Arthur Miller's Uneasy Truths


By Harry Cummins

     In 2005, when award-winning playwright Arthur Miller died at his home in Connecticut at the age of 89, we lost one of this country's great public thinkers.  

     Mr. Miller was of the opinion that the individual had a serious moral responsibility for his or her behavior, and for the behavior of society as a whole.

     Writing in "The Crucible" Miller surmised "The longer I worked the more certain I felt that as improbable as it might seem, there were moments when an individual conscience was all that could keep a world from falling."

     Flash forward to the world on Thanksgiving 2020.  The very same lights on Broadway that dimmed the night Miller died, are now off indefinitely.

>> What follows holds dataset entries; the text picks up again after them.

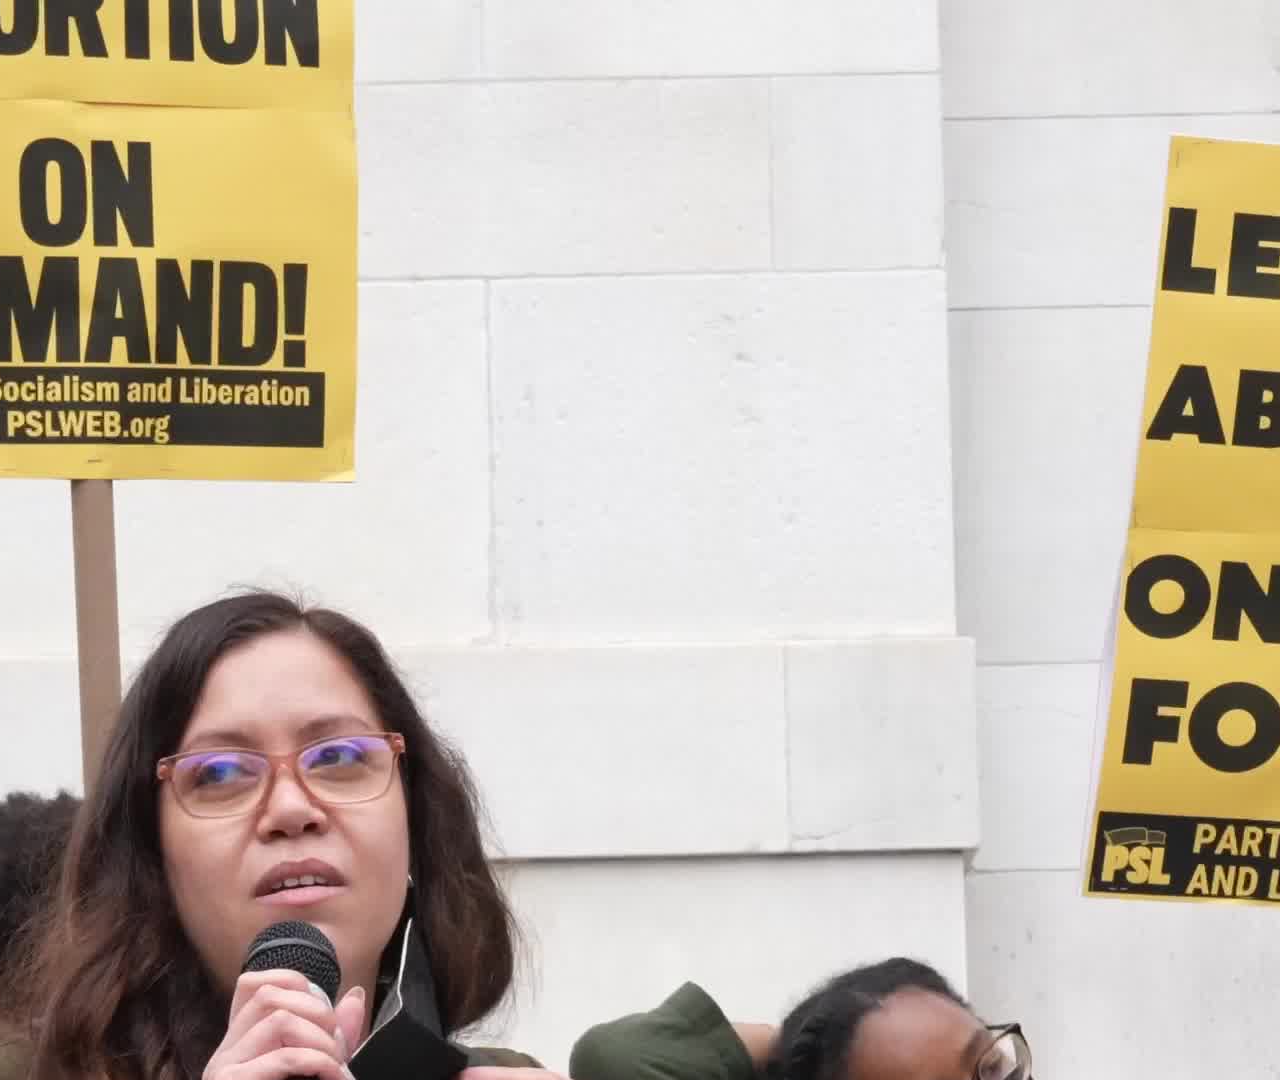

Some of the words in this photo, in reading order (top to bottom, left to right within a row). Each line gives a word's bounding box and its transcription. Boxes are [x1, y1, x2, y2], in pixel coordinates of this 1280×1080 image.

[18, 137, 155, 248] ON
[126, 376, 172, 403] and
[179, 377, 310, 407] Liberation
[7, 410, 171, 444] PSLWEB.org
[1101, 843, 1171, 886] PSL
[1185, 863, 1259, 897] AND

We appear to be entering the darkest days of a year-long pandemic. 

    In his autobiography "Timebends", Miller quotes the physicist Hans Bethe on explaining his morning routine, "Well, I take up my pencil ...and I try to think.."

     It's an impulse that seems to have lost favor in our society.  Private and public thinking!

     I am going to pledge to do more thinking myself,  just maybe not this week.  College basketball season finally starts tomorrow, Virgin River is back for another season Friday on Netflix, and Sunday night we all find out who killed Elena on the Undoing.

     Monday morning, if the weekend hasn't bent my moral responsibility, I just may pick up a pencil.... and decide to do some serious thinking.



1 comment:

  1. Yes, maybe not this week. Maybe next month. Have a very happy Thanksgiving!